Could you please repeat the entries below word for word, with the images left out?

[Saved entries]
###
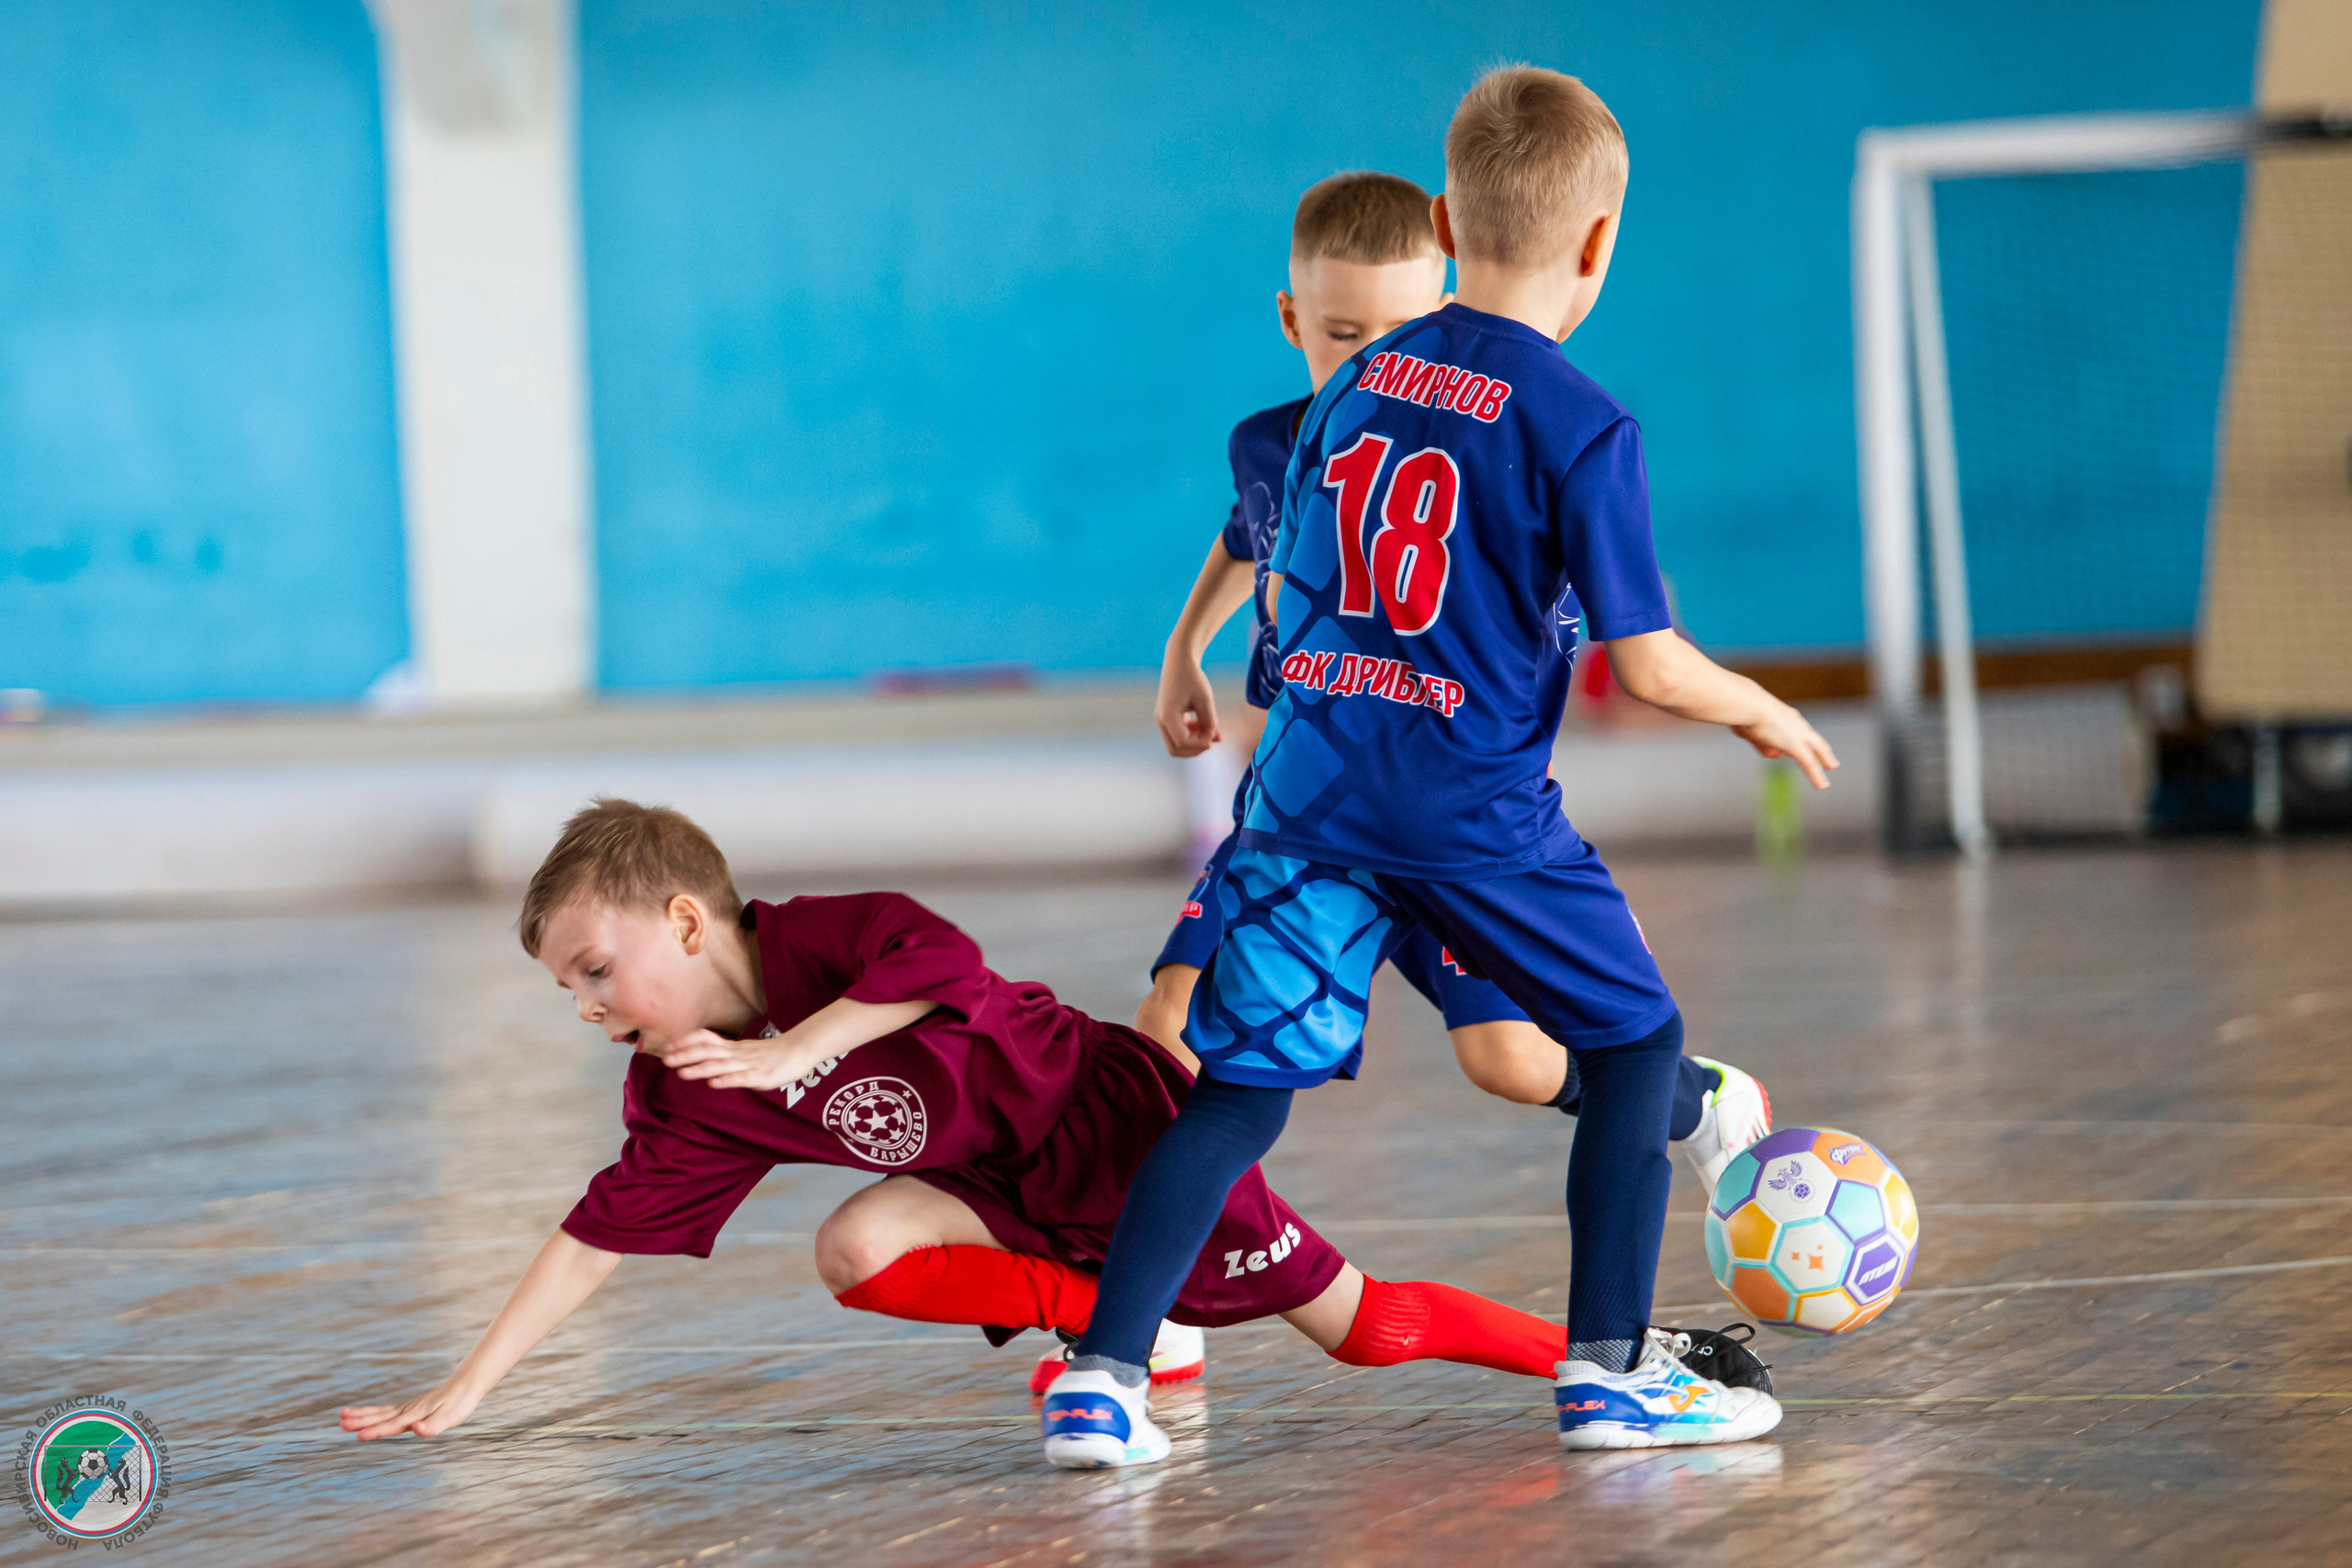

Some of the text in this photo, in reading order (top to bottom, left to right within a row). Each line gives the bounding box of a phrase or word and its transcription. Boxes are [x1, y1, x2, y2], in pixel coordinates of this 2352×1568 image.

[1357, 352, 1512, 423] СМИРНОВ
[1323, 430, 1459, 637] 18
[1282, 649, 1336, 691] ФК
[780, 1051, 850, 1110] Zeu
[829, 1081, 879, 1125] РЕКОРД
[870, 1111, 922, 1161] БАРЫШЕВО
[1224, 1222, 1301, 1280] Zeus
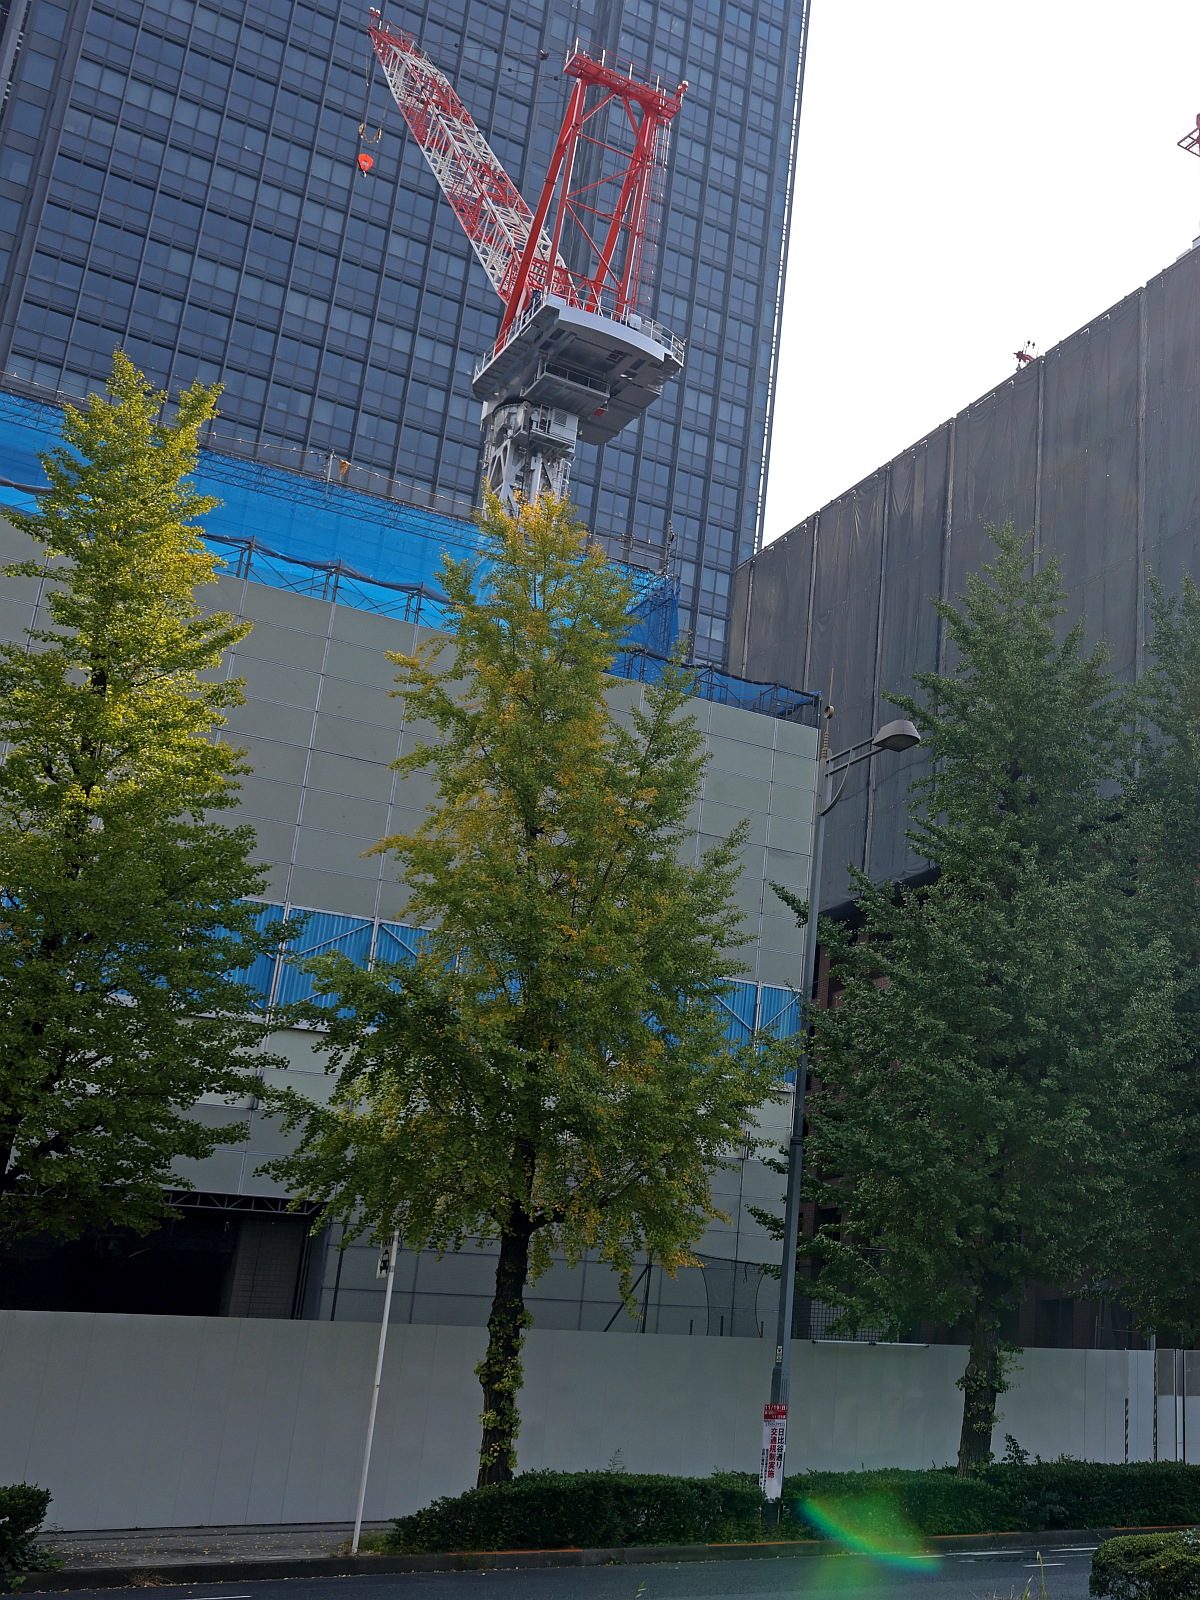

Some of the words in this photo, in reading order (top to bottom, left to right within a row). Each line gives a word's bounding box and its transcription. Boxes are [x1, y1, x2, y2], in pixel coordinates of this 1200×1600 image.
###
■ **Written answer**:
Some of the text in this photo, in reading order (top to bottom, left to right within a row). Each line gives the bounding box of a phrase or word and its transcription. Boxes are [x1, y1, x2, y2], in pixel coordinates of this 2352×1568 image.

[1357, 352, 1512, 423] СМИРНОВ
[1323, 430, 1459, 637] 18
[1282, 649, 1336, 691] ФК
[780, 1051, 850, 1110] Zeu
[829, 1081, 879, 1125] РЕКОРД
[870, 1111, 922, 1161] БАРЫШЕВО
[1224, 1222, 1301, 1280] Zeus

Some of the words in this photo, in reading order (top to bottom, left to right within a row). Each line gives a word's bounding box and its transcription. Boxes are [x1, y1, x2, y2], in pixel coordinates of this 1200×1600 image.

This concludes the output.